Gustavo Sáenz cuestionó al Gobierno nacional tras la reunión con Santilli: “La paciencia se va acabando”
Tras mantener una reunión con el jefe de Gabinete en Casa Rosada, Gustavo Sáenz denunció trabas para obtener garantías nacionales, pidió que se cumplan los acuerdos y planteó que la relación con los distritos carece de reciprocidad
Luego de haber participado en la reunión del jefe de Gabinete, Diego Santilli, con los gobernadores del Norte, el mandatario salteño, Gustavo Sáenz, cuestionó al Gobierno por no brindarles apoyo en cuestiones financieras y de infraestructura. “La lealtad es una avenida de ida y de vuelta, y yo siento que venimos siempre y nunca vuelven para allá”, apuntó y advirtió: “La paciencia se va acabando”.

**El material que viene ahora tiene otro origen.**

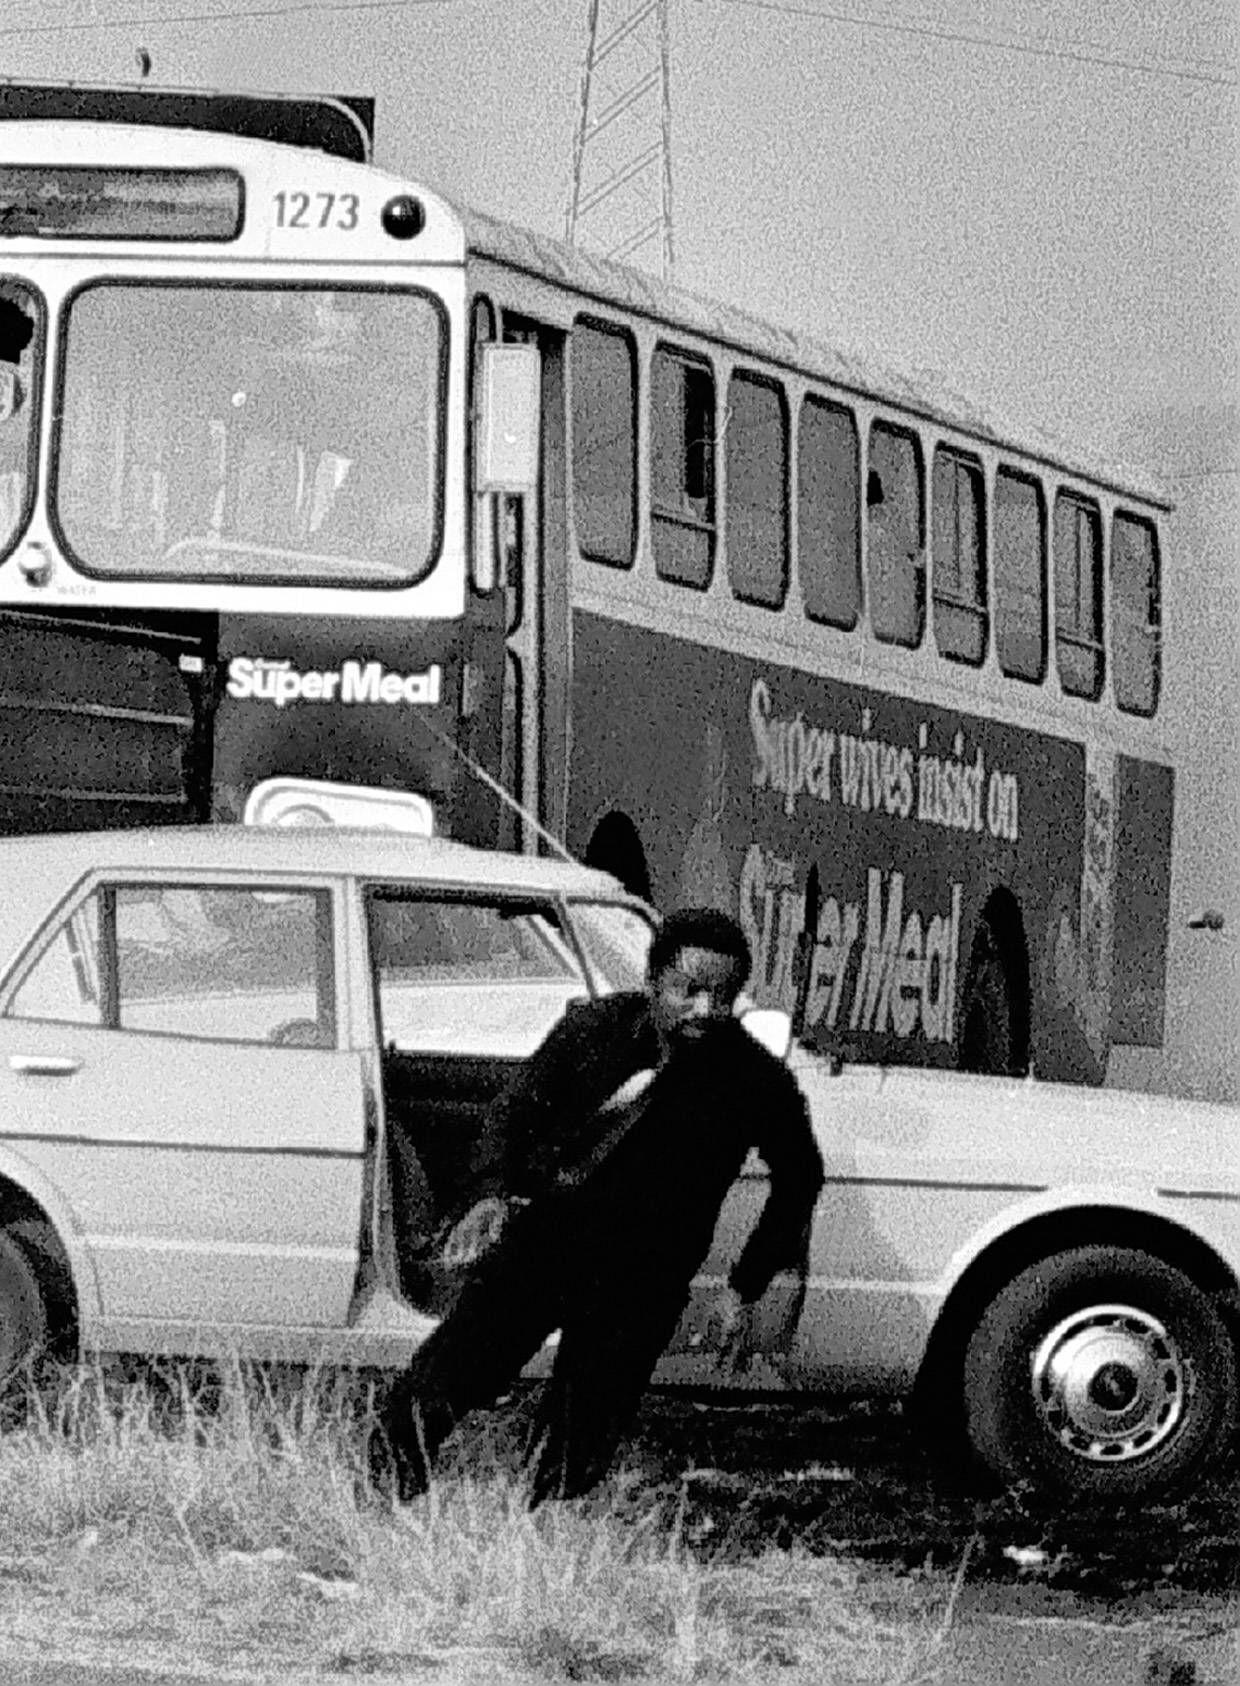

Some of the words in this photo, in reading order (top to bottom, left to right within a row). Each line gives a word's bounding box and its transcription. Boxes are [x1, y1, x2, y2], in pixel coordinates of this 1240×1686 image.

[273, 191, 360, 230] 1273
[227, 656, 339, 707] Super
[341, 660, 442, 704] Meal
[750, 679, 835, 815] Super
[840, 707, 912, 818] wives
[918, 722, 985, 833] insist
[989, 770, 1018, 841] on
[849, 866, 963, 1046] Meal

Durante una breve entrevista con A24, Sáenz apuntó: “No estamos pidiendo nada”, en referencia a los fondos nacionales para obras públicas. Luego de que el Gobierno fijara como máxima mantener el déficit fiscal equilibrado, el jefe del Estado de Salta explicó que tuvieron que buscar financiamiento internacional.

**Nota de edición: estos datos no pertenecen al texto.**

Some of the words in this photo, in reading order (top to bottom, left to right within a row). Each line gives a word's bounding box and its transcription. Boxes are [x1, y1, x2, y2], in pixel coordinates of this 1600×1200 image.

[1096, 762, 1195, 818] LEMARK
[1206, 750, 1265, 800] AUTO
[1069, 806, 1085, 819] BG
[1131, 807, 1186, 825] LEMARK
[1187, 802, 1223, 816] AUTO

A pesar de esto, el gobernador criticó la falta de respuesta por parte de Nación, que presentaría una demora en otorgar las autorizaciones para continuar con los proyectos planificados por la provincia.

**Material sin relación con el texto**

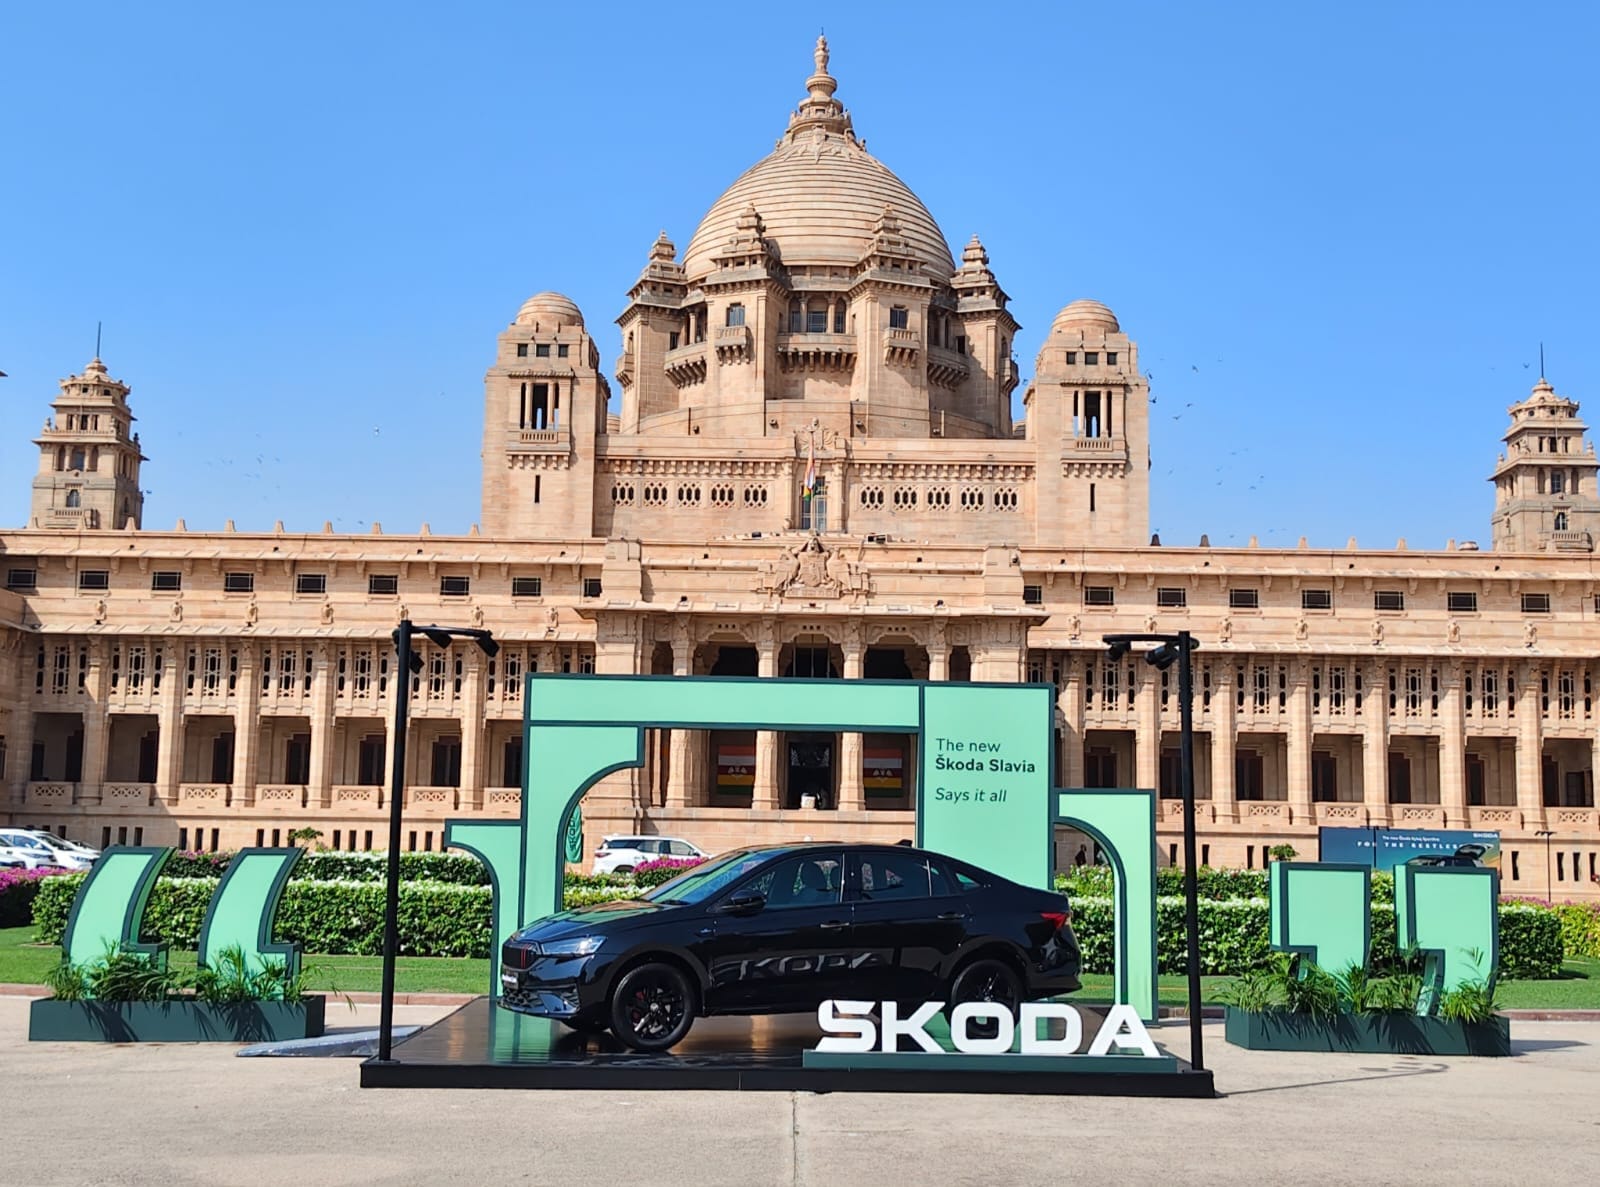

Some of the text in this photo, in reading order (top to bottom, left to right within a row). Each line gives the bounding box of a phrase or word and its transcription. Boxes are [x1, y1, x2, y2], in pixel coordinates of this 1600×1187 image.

En este sentido, explicó que pidió autorización y garantía soberana nacional para refinanciar una deuda tomada durante la gestión anterior. Así, precisó que la provincia tenía un compromiso original de 640 millones de dólares y que ya canceló cerca de 500 millones.
Según relató, el ministro de Economía, Luis Caputo, le recomendó avanzar con la refinanciación por la baja del riesgo país y de las tasas de interés. Sin embargo, señaló que para concretar la operación requiere el aval nacional.
Pese a que recordó que el mantenimiento y obras referidas a las rutas nacionales deberían estar a cargo del Ejecutivo central, indicó que la provincia resolvió asumir las tareas con fondos externos. “Son endeudamientos que tienen que ver con obras fundamentales para Salta”, planteó sobre los frenos que encontró.

Por otro lado, Sáenz vinculó sus reclamos con el comportamiento de referentes oficialistas en las legislaturas provinciales. En línea con esto, afirmó que sectores que respaldan al presidente Javier Milei en Salta, Tucumán y otros distritos votan en contra de las iniciativas vinculadas con el endeudamiento de las provincias.
Por este motivo, afirmó que la relación con el Gobierno debe tener una lógica de reciprocidad. “Yo siempre dije que la lealtad es una avenida de ida y vuelta, y yo siento que venimos siempre y nunca vuelven para allá”, expresó.
En la misma sintonía del reclamo, sostuvo que en encuentros anteriores hubo compromisos que no se concretaron y pidió que los acuerdos alcanzados con funcionarios nacionales se cumplan antes de abrir nuevas discusiones.
“El equilibrio fiscal que tanto se defiende también vaya acompañado de un equilibrio social”, afirmó. Por esto, sostuvo que las personas con discapacidad no pueden ser tratadas como “una planilla Excel” y admitió que pueden existir irregularidades, aunque señaló que deben detectarse a través de auditorías.
A pesar de esto, el gobernador pidió controles para verificar las prestaciones y beneficios. Asimismo, insistió en que ese proceso no debe derivar en la desatención de quienes tienen una discapacidad acreditada.
A su entender, la falta de institucionalidad, confianza y previsibilidad afecta la llegada de inversiones y frena el impacto de la estabilidad macroeconómica en la actividad cotidiana. Mencionó el consumo, las exportaciones y la inversión como sectores que todavía no despegan.
Incluso, cuestionó los planteos de dirigentes que prometen revertir normas como el Régimen de Incentivo para Grandes Inversiones (RIGI) si llegan al poder. “Tienen que ser política de Estado independientemente”, sostuvo.